Saud Daniel's Blog

Just another way to share

TAMAN NASIONAL SIBERUT

Dasar Penunjukan :

Keputusan Menteri Kehutanan

Nomor : 407/Kpts-II/1993

Tanggal 10 Agustus 1993

Luas : ± 190.500 hektar

Letak :

Provinsi Sumatera Barat,  Kabupaten Kepulauan Mentawai,  Kecamatan Siberut Utara dan Siberut Selatan.

Koordinat :

01° 05′ – 01° 45′ LS dan

98° 36′ – 99° 03′ BT

Kondisi Umum

Taman Nasional Siberut berada di Pulau Siberut, termasuk wilayah Provinsi Sumatera Barat. Terletak di  Selat Mentawai atau  kurang lebih 155 km dari kota Padang. Taman nasional ini 60 (enam puluh) persen kawasannya ditutupi oleh hutan primer Dipterocarpaceae, hutan primer campuran, rawa, hutan pantai, dan hutan mangrove. Hutannya relatif masih  alami dengan dominasi  pohon-pohon besar yang tingginya mencapai  60 meter dan kaya dengan flora dan fauna langka yang endemik.

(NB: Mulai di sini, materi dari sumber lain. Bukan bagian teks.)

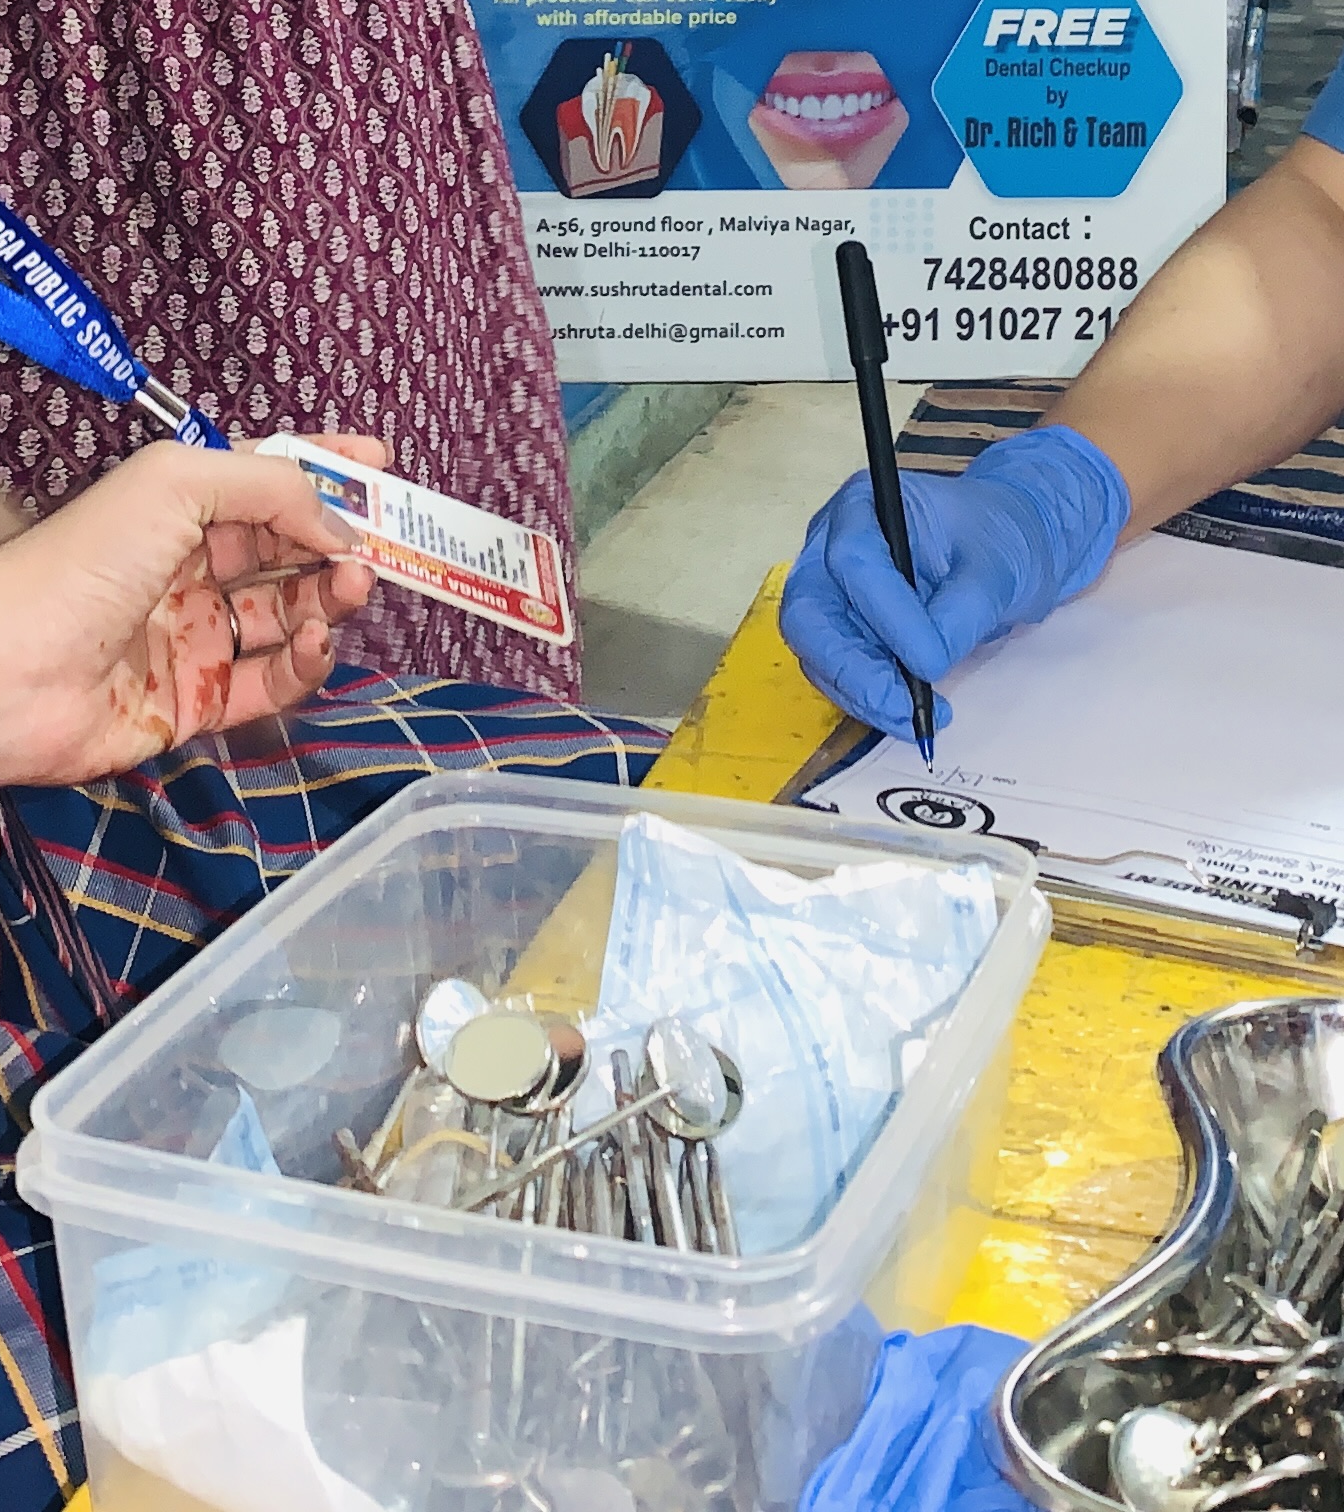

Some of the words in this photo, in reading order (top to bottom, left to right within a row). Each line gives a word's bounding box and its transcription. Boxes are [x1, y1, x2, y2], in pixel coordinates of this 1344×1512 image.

[536, 9, 578, 26] with
[583, 7, 683, 26] affordable
[688, 7, 738, 29] price
[983, 7, 1132, 48] FREE
[985, 58, 1044, 78] Dental
[1049, 57, 1131, 80] Checkup
[1046, 85, 1069, 109] by
[964, 116, 1002, 149] Dr.
[1007, 115, 1056, 148] Rich
[1063, 117, 1079, 148] &
[1086, 115, 1147, 148] Team
[536, 217, 585, 237] A-56,
[590, 216, 656, 235] ground
[660, 215, 704, 233] floor
[719, 215, 790, 236] Malviya
[795, 215, 856, 236] Nagar,
[968, 215, 1071, 240] Contact
[536, 242, 579, 259] New
[584, 241, 702, 261] Delhi-110017
[923, 256, 1139, 292] 7428480888
[537, 279, 773, 298] www.sushrutadental.com
[12, 250, 87, 329] PUBLIC
[76, 319, 139, 390] SCHO
[882, 307, 941, 342] +91
[955, 306, 1063, 342] 91027
[1074, 306, 1124, 341] 21
[1196, 855, 1249, 876] Clinic
[1256, 867, 1304, 885] Care

Disamping kekayaan keanekaragaman hayatinya Taman Nasional Siberut merupakan rumah bagi masyarakat Mentawai yang masih hidup secara tradisional dan selaras dengan alamnya. Dalam banyak hal, masyarakat Mentawai merupakan salah satu dari suku bangsa Indonesia yang masih mempertahankan budaya nenek moyangnya.

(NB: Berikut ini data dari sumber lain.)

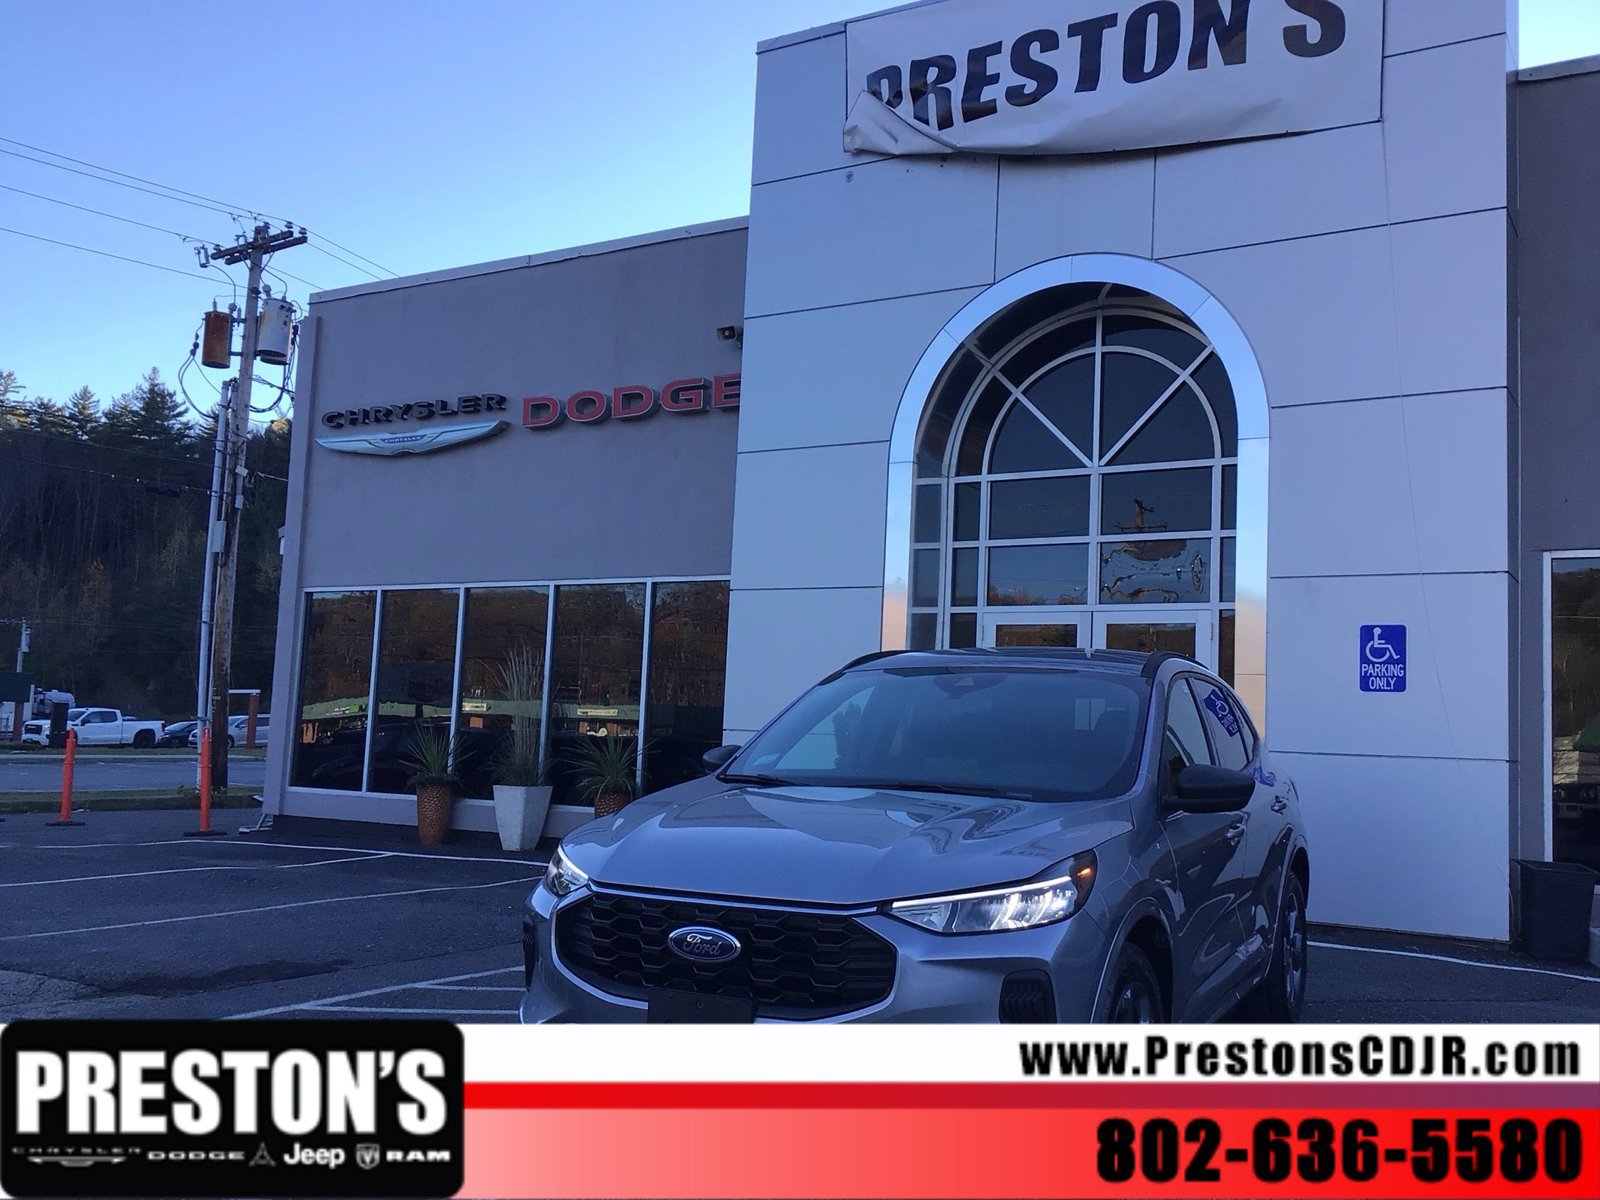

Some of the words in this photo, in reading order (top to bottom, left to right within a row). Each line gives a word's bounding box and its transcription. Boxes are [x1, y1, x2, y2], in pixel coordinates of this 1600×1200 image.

[866, 0, 1347, 131] PRESTONS
[321, 393, 507, 428] CHRYSLER
[521, 373, 741, 429] DODGE
[1361, 663, 1405, 677] PARKING
[1368, 676, 1397, 690] ONLY
[683, 933, 722, 955] Ford

Pulau Siberut termasuk Taman Nasional Siberut merupakan salah satu Cagar Biosfir yang ditetapkan UNESCO dalam Program Man and the Biosphere (MAB).

Obyek Wisata

Perjalanan wisata alam ke taman nasional ini belum banyak dilakukan oleh pengunjung. Selama ini obyek utama bagi pengunjung minat khusus adalah  budaya masyarakat Mentawai yang hidup secara tradisional tetapi dapat serasi berdampingan dengan alam. Masyarakat tersebut berada di dalam dan sekitar kawasan taman nasional.

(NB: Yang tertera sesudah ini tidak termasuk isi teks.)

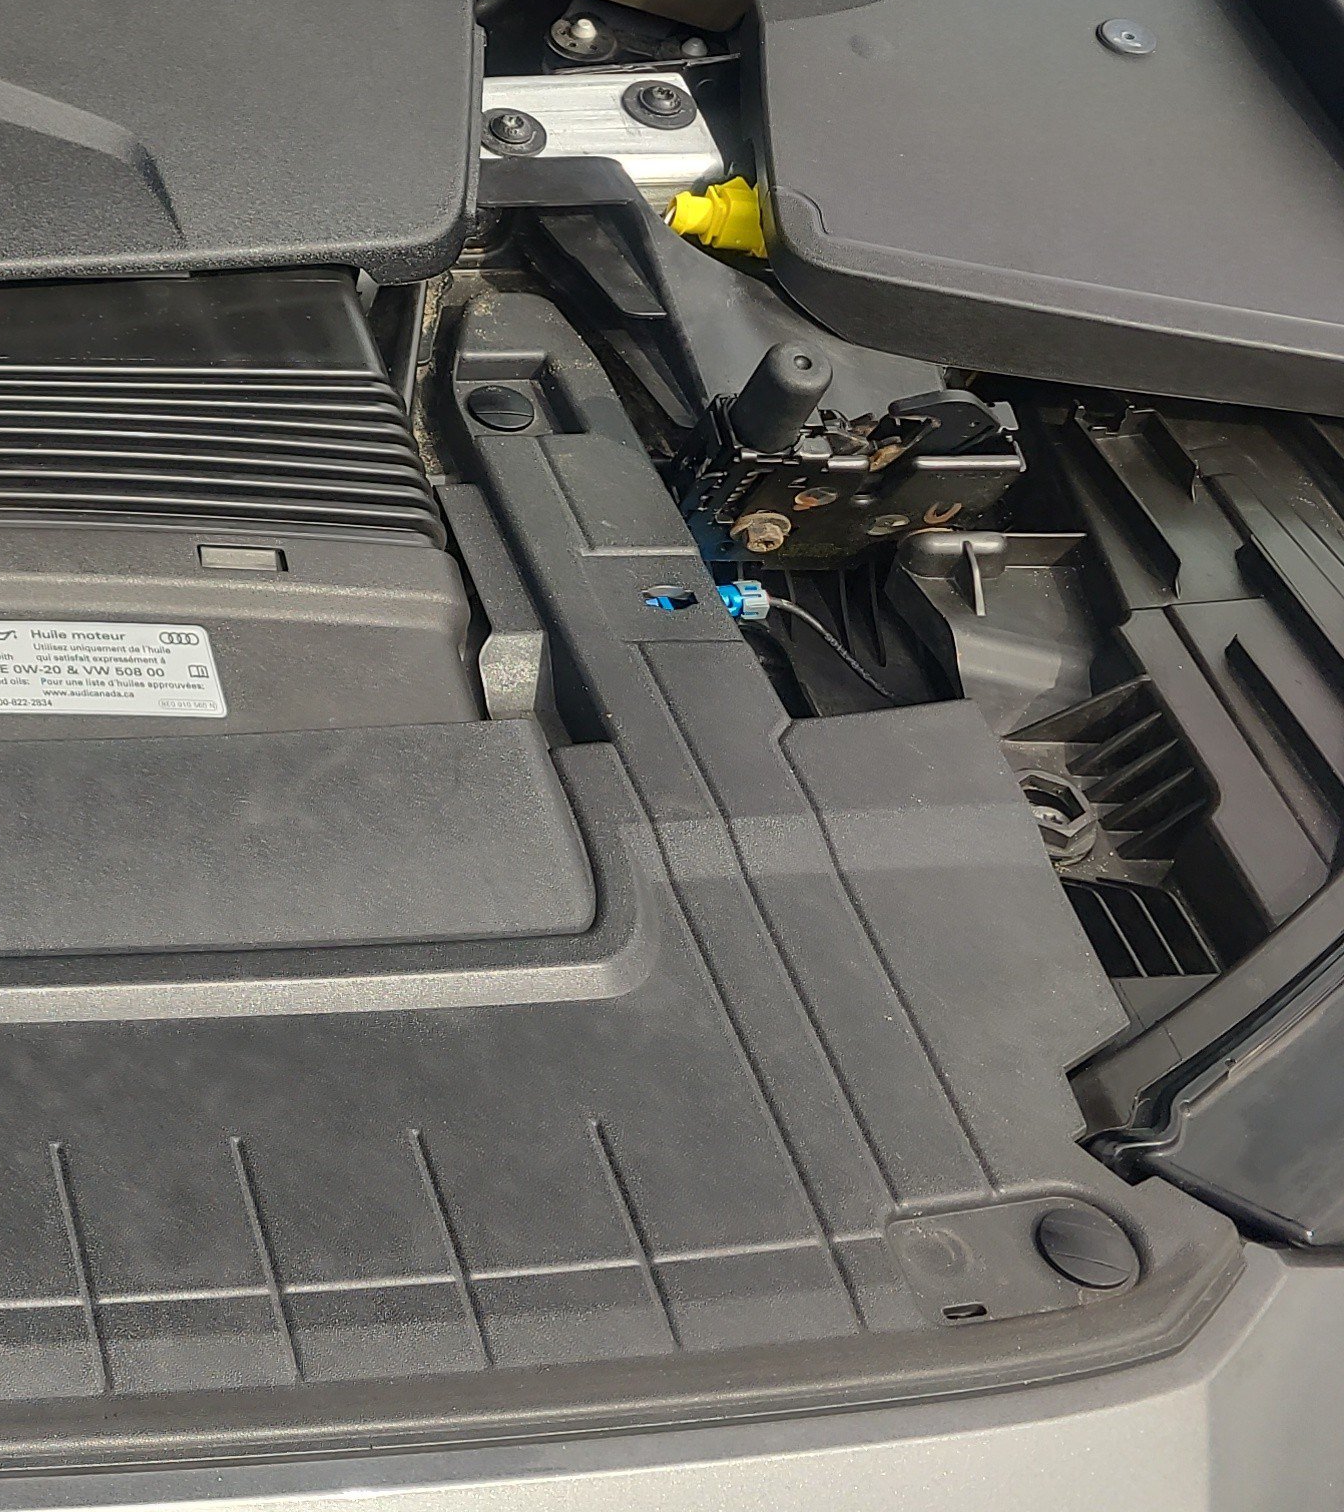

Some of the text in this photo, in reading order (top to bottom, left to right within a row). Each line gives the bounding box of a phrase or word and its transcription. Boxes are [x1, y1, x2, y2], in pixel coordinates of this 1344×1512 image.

Dalam banyak hal, masyarakat Mentawai merupakan salah satu dari suku bangsa Indonesia yang masih mempertahankan budaya nenek moyangnya  dan sebagian besar berkepercayaan animisme. Kegiatan sosialnya dipusatkan di sekitar “UMA”, yaitu suatu rumah bersama berukuran panjang yang  dihuni oleh beberapa keluarga yang masih satu keturunan.

Petualangan ke Taman Nasional Siberut merupakan kombinasi perjalanan mulai dari berperahu, berjalan kaki di jalur berlumpur, menikmati keindahan alam hutan tropika termasuk pengamatan tumbuhan/satwa, mandi di air terjun dan mengamati langsung kehidupan masyarakat asli. Perjalanan ke Pulau Siberut, biasanya diatur oleh biro-biro perjalanan dari Padang maupun Bukit Tinggi termasuk penyediaan  pemandu wisata.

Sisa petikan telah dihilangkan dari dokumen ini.